Sonntags, 18.50 Uhr: Bei vielen TV-Zuschauern ist dieser Termin fest eingebrannt - auch heute noch, fünf Jahre nach dem Ende der «Lindenstraße». Eine gefühlte Ewigkeit war die ARD-Kultserie eine feste Konstante - doch am 29. März 2020 lief die letzte Folge.
Nach fast 35 Jahren hieß es für die Fans Abschied nehmen von Mutter Beimer und den anderen «Lindenstraße»-Bewohnerinnen und Bewohnern.
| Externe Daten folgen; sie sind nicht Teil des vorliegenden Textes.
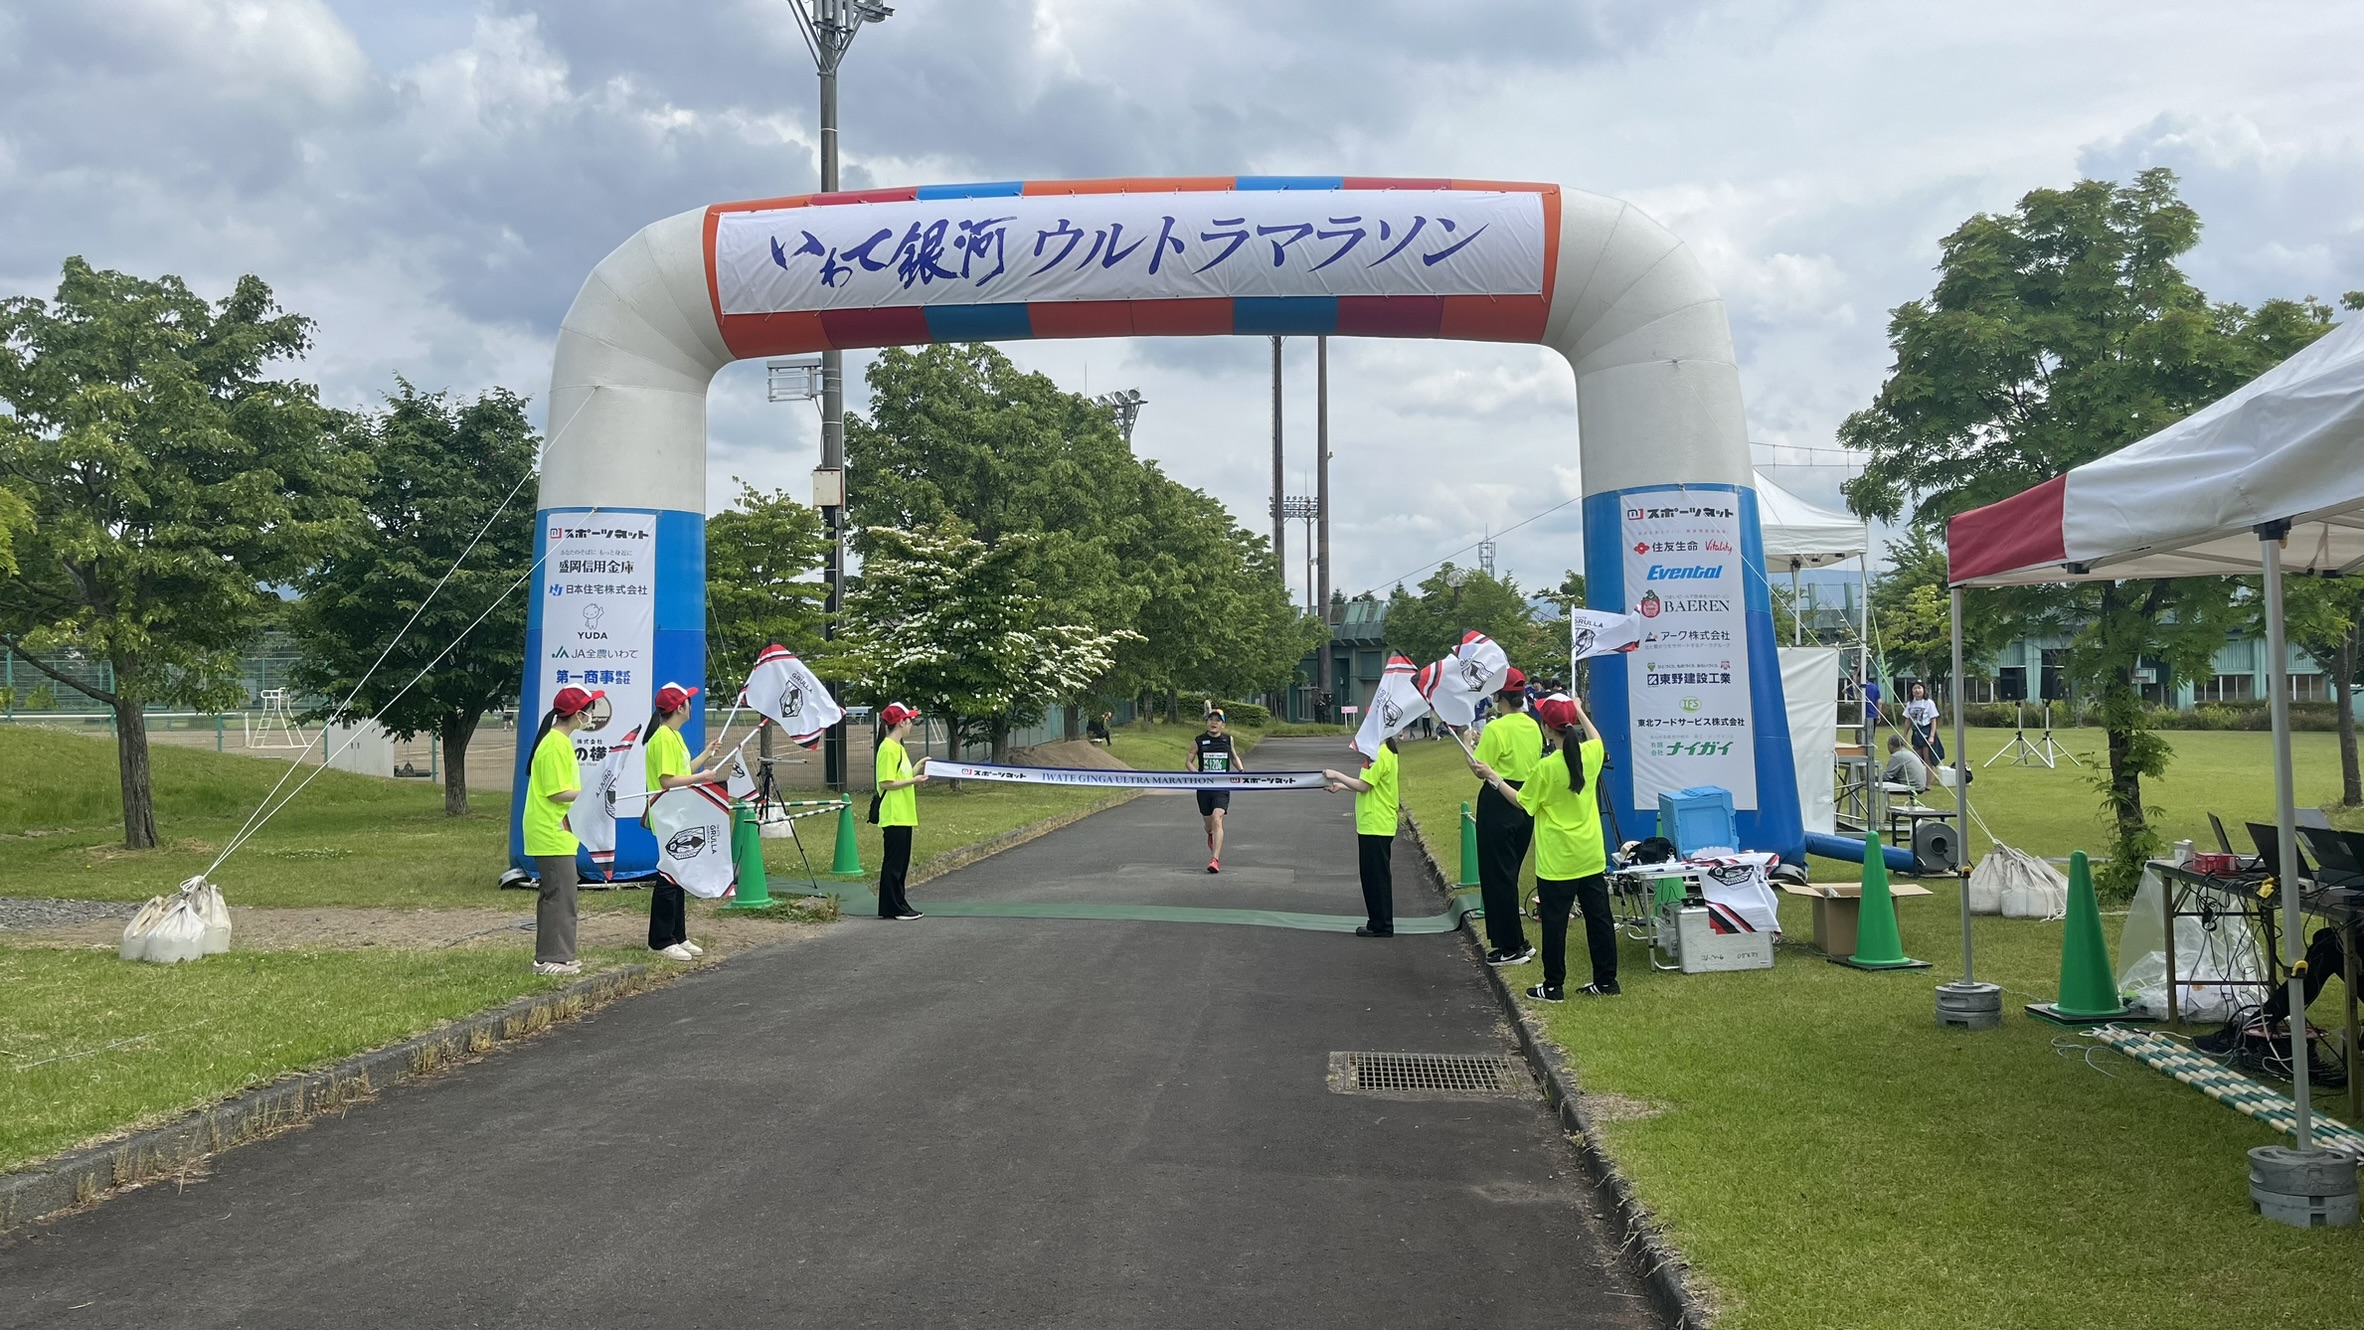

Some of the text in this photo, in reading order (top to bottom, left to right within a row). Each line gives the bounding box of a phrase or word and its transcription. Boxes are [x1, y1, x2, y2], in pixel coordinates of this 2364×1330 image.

Damit endete auch ein Stück TV-Geschichte.
Die von Produzent Hans W. Geißendörfer erfundene Serie drehte sich von ihrer Grundidee her um den Alltag in einer Nachbarschaft in München (auch wenn in Köln gedreht wurde). Geschichten von Liebe, Streit, Krankheit oder Tod griff die «Lindenstraße» in unzähligen Varianten auf. Und: Sie führte die einzelnen Stränge konsequent fort.
So zeigte sie beispielsweise das tägliche Leben von Menschen mit einer Behinderung oder Erkrankung - und trug so dazu bei, diesen Themen mehr Öffentlichkeit zu verschaffen.